O diagnóstico de infertilidade. As lágrimas. Tudo parte de um plano doentio.
Como ela escondeu a gravidez?
A resposta veio como um soco no estômago.
A "viagem de estudos avançados" de um ano para o exterior. Seis anos e meio atrás. Ela disse que era para aprimorar suas habilidades de gestão, para o bem da empresa. Eu a apoiei, claro. Fiquei orgulhoso.
Ela voltou mais radiante do que nunca, cheia de novas ideias. E eu, cego de amor, nunca suspeitei de nada.
Ela me usou. Ela me enganou. Ela construiu uma vida dupla nas minhas costas.
Eu parei o carro no acostamento, a náusea subindo pela minha garganta.
Eu era um idiota.
Um completo e absoluto idiota.
O telefone tocou, me assustando. Era ela.
Atendi, a voz saindo como um rosnado.
"O que você quer?"
"André, onde você está? Volte para casa. Vamos conversar."
Sua voz era suave, quase suplicante. A mesma voz que ela usou por vinte anos para conseguir tudo o que queria de mim.
"Conversar sobre o quê, Clara? Sobre seus filhos secretos? Sobre o fato de você ter me feito de palhaço por duas décadas?"
"Eu sinto muito," ela disse, e por um momento, a sinceridade em sua voz quase me quebrou. "Eu nunca quis te magoar."
"Você não quis me magoar?" eu gritei. "Você destruiu a minha vida! Você me fez acreditar que éramos uma equipe, uma família! E o tempo todo, você tinha outra família!"

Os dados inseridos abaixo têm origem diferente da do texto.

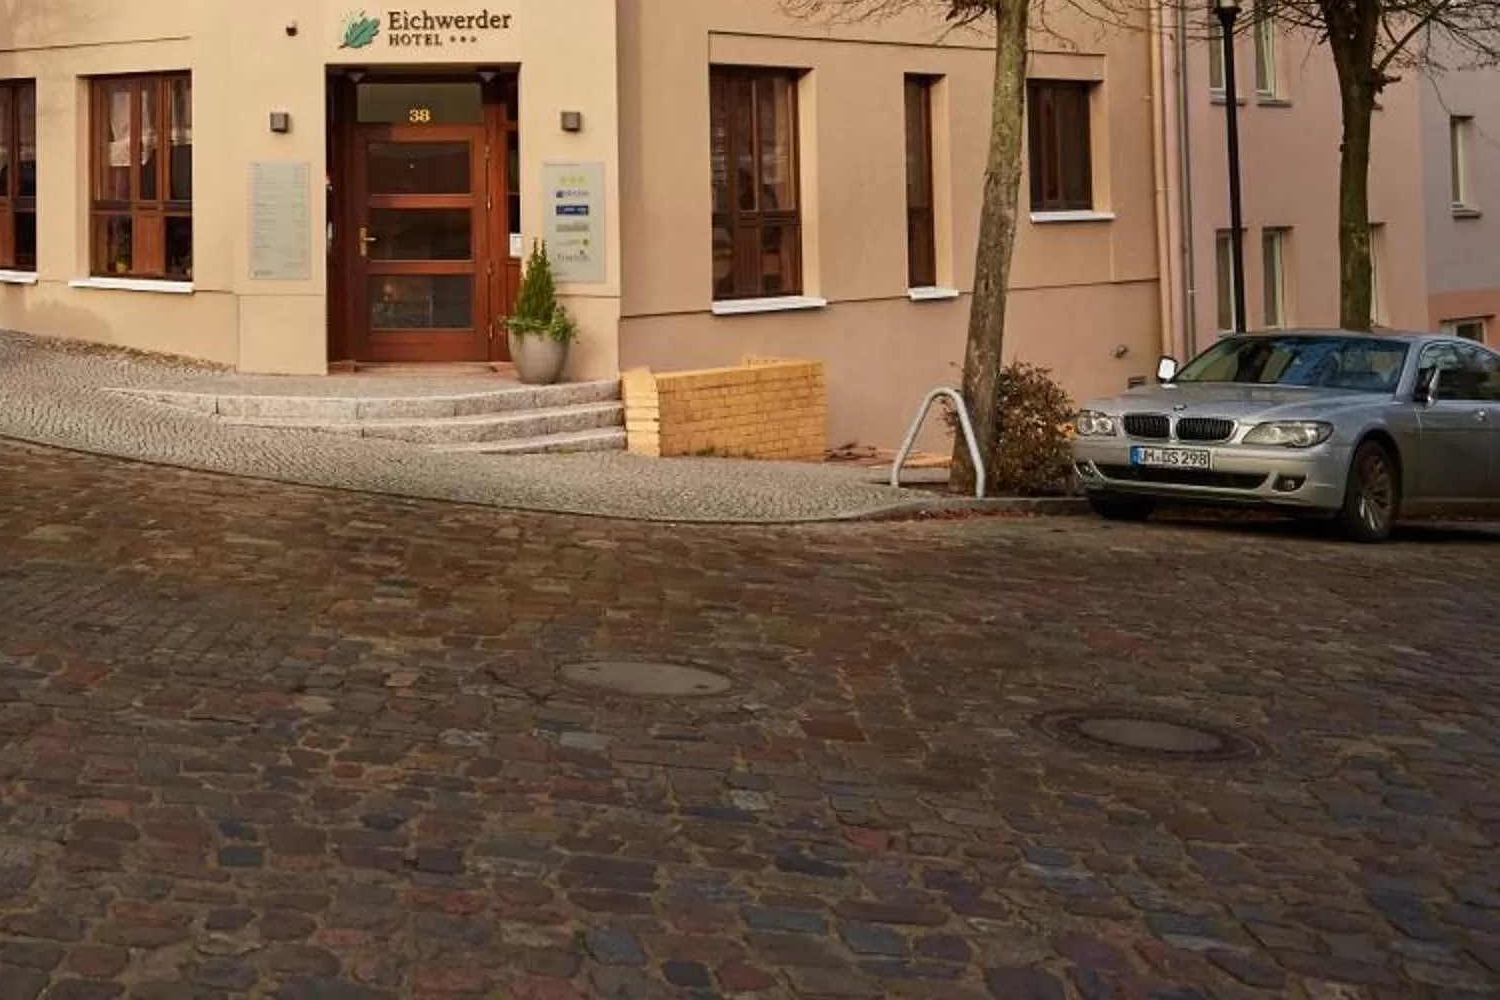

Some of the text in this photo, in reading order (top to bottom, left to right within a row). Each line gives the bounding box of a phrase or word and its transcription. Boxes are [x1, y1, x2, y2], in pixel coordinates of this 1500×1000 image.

[388, 9, 512, 31] Eichwerder
[389, 33, 443, 46] HOTEL
[409, 109, 430, 123] 38
[1181, 451, 1207, 466] 298
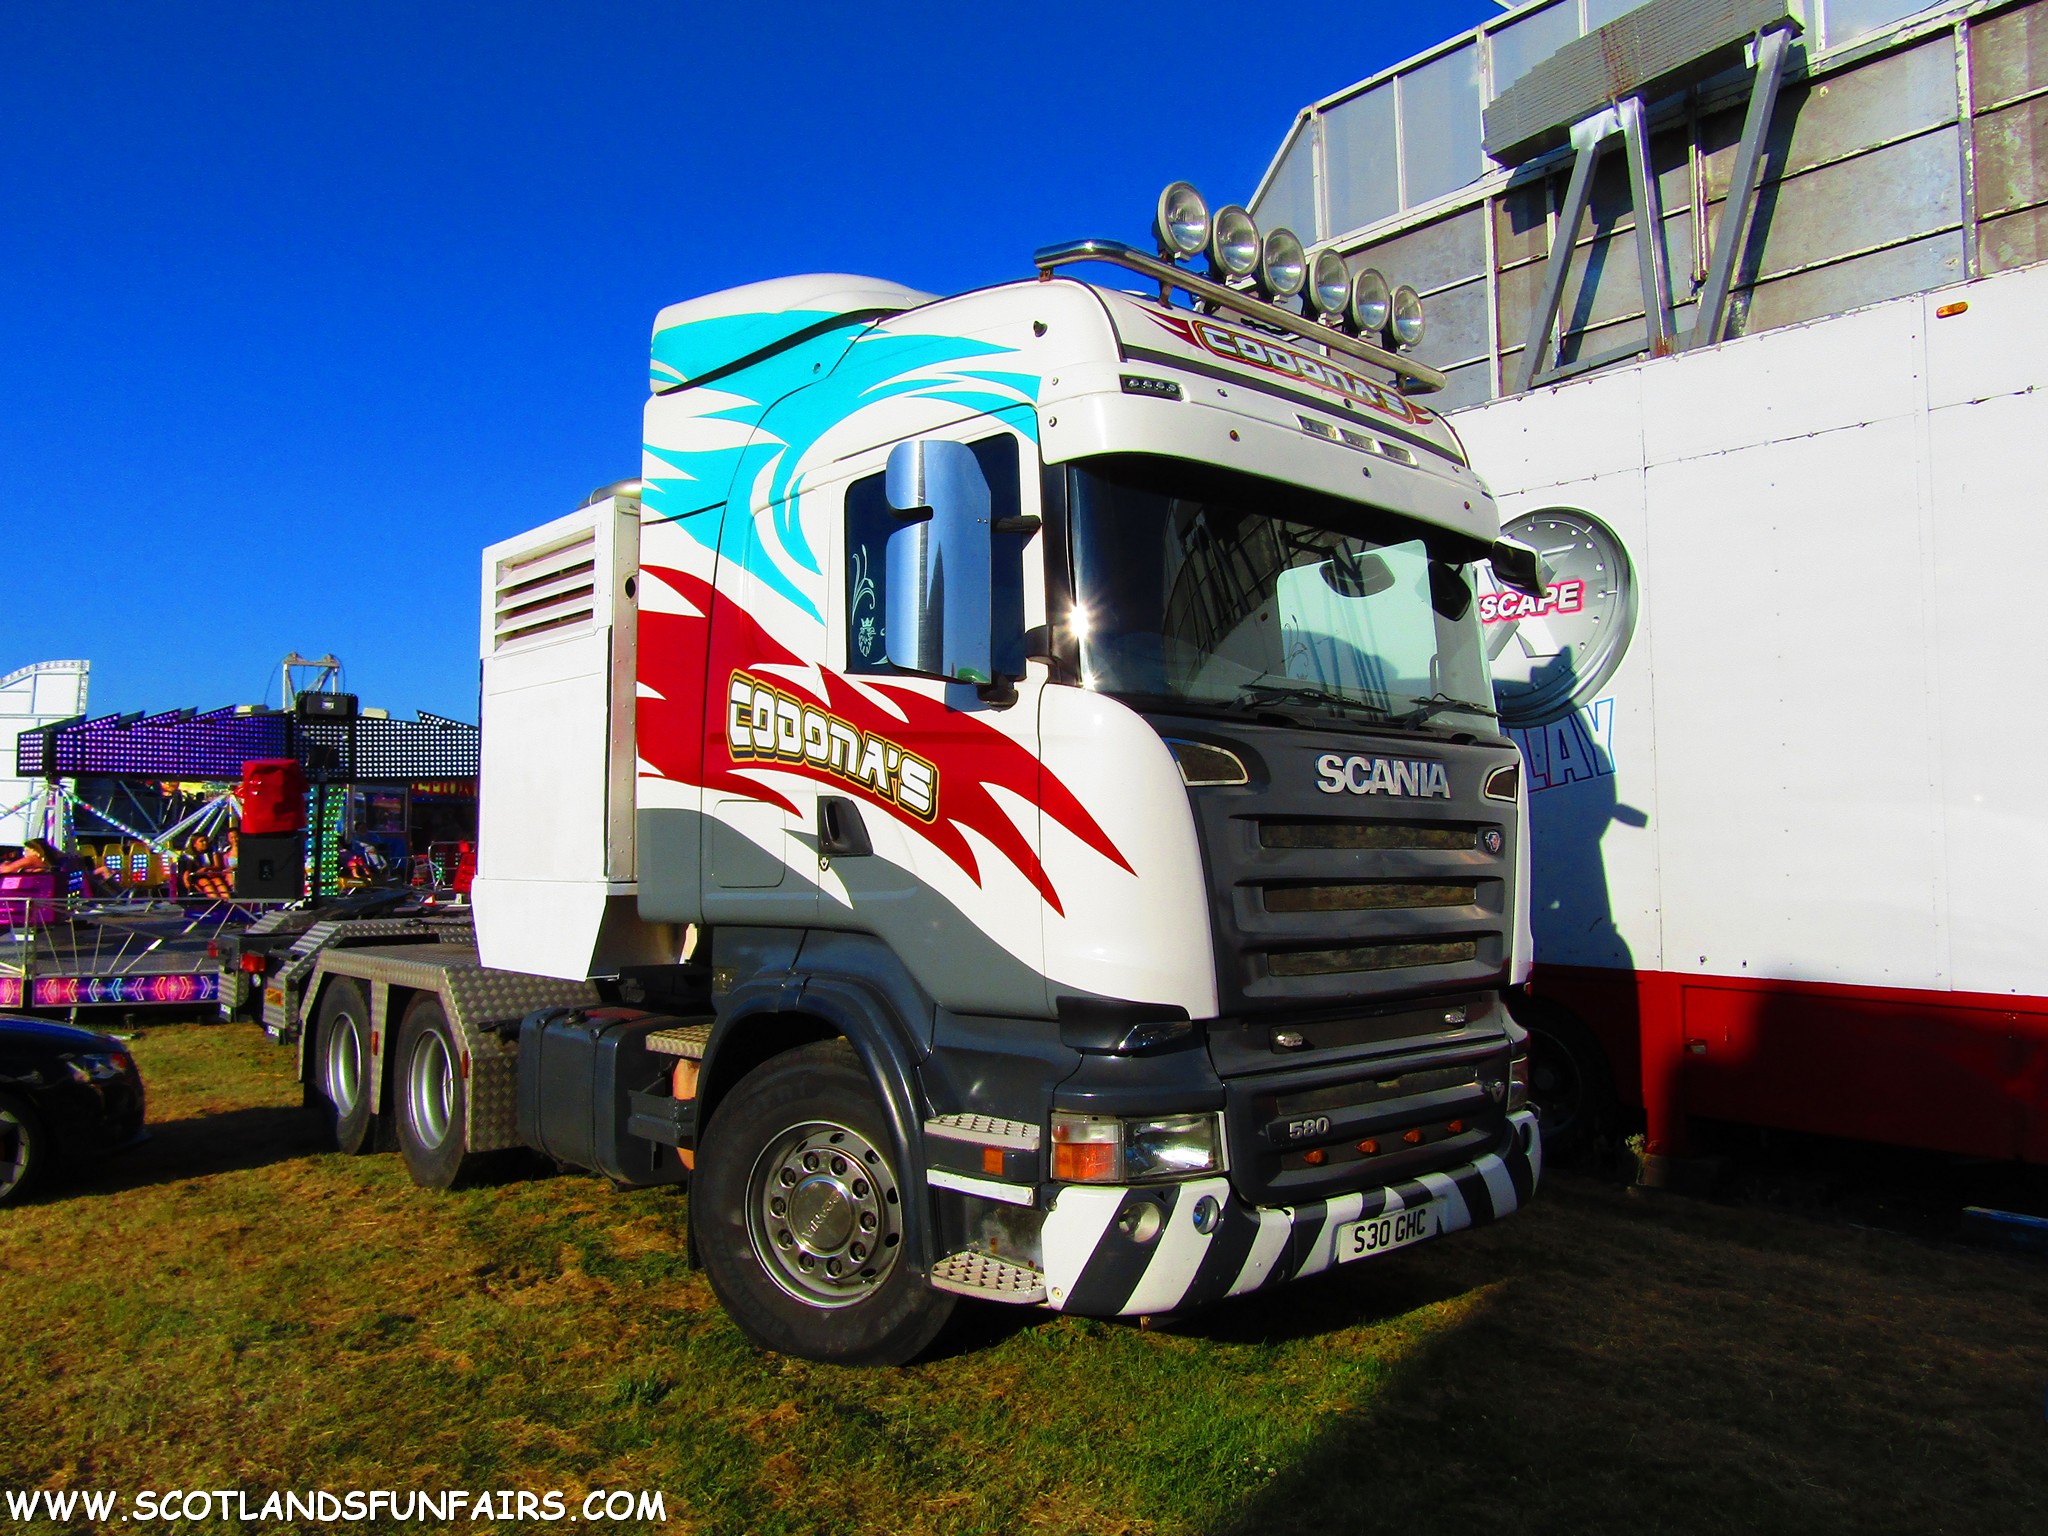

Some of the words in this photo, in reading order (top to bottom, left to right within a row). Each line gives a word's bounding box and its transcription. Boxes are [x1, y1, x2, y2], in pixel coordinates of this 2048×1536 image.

"Não foi assim! Léo... o pai deles... foi um erro. Eu estava sozinha, em outro país... aconteceu."
O tom dela mudou, a culpa dando lugar à justificativa.

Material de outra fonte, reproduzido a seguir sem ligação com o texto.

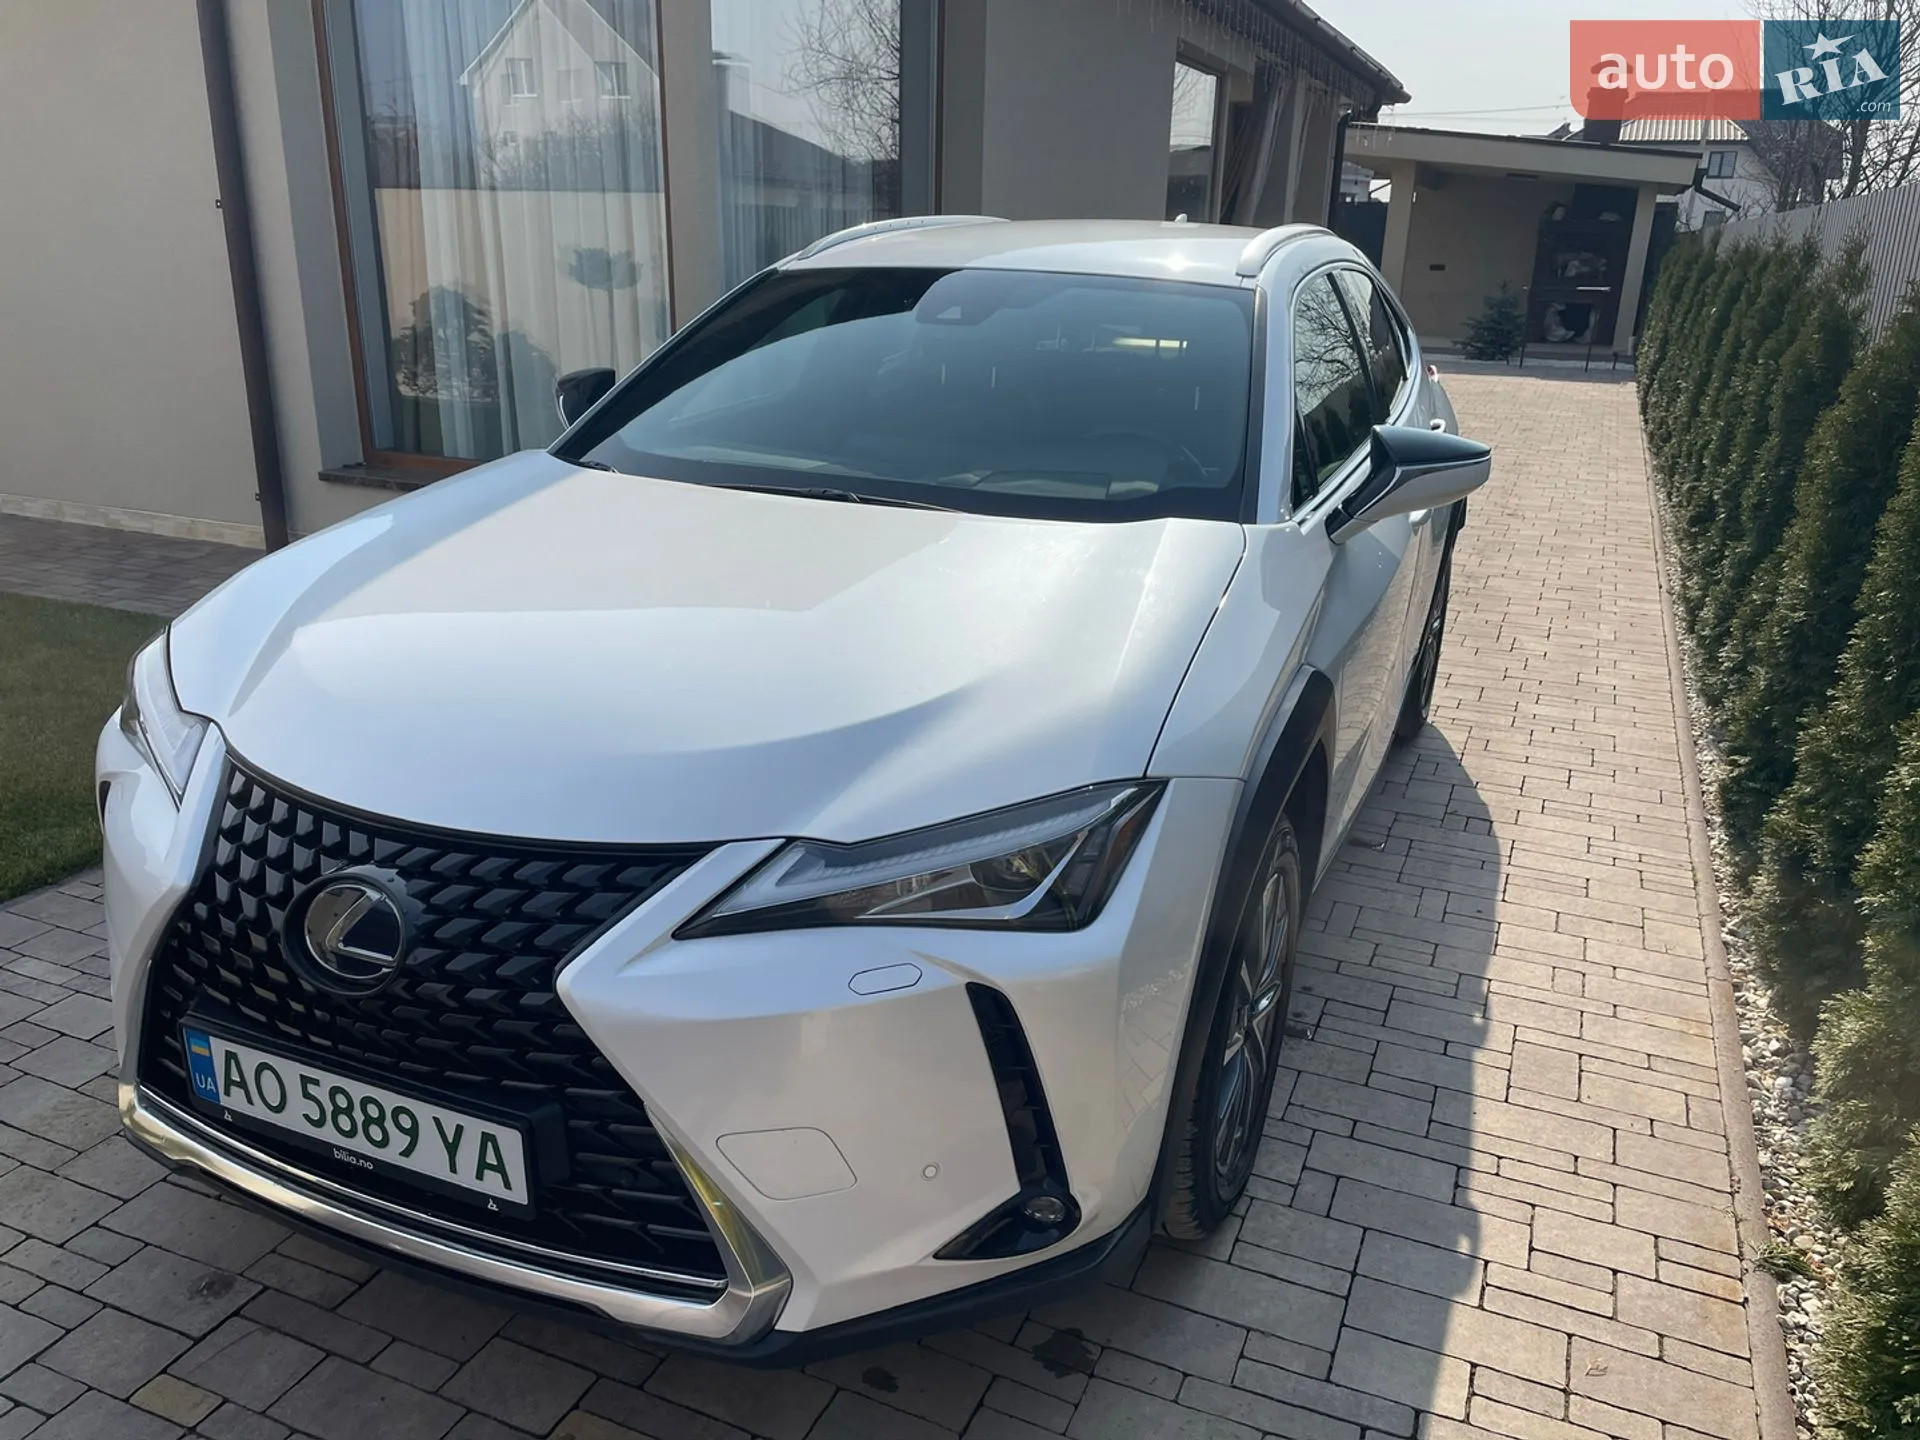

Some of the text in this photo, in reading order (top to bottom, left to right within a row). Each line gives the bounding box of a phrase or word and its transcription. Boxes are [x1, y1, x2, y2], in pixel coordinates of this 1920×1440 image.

[195, 1073, 216, 1093] UA
[223, 1049, 512, 1191] AO 5889 YA
[333, 1148, 374, 1170] bilia.no

"Eu descobri a gravidez tarde demais. Eu entrei em pânico. Eu não sabia o que fazer."
"Você poderia ter me contado!"
"E você teria feito o quê? Me deixado? Exigido um aborto? Eu não podia arriscar!"
"Então você preferiu mentir. Por seis anos."
"Eu ia te contar! Juro que ia. Eu só estava esperando o momento certo."
"O momento certo?" Minha risada era amarga. "O momento certo era quando você me entregasse um papel me tirando tudo que eu construí e me apresentando aos seus filhos como um fato consumado? Esse era o seu plano?"
Houve silêncio.
"Ele era só o doador, André. Eu paguei a ele. Ele não significava nada. Foi só sexo."
Ela admitiu a traição de forma tão casual, tão barata. Como se estivesse falando de uma transação comercial.
"Você é inacreditável."
"André, por favor. Eu te amo. Você é o homem da minha vida. Eles são só crianças. Podemos fazer isso dar certo. Nós três."
"Nós três?"
"Nós quatro, desculpe. Eu, você e os meninos."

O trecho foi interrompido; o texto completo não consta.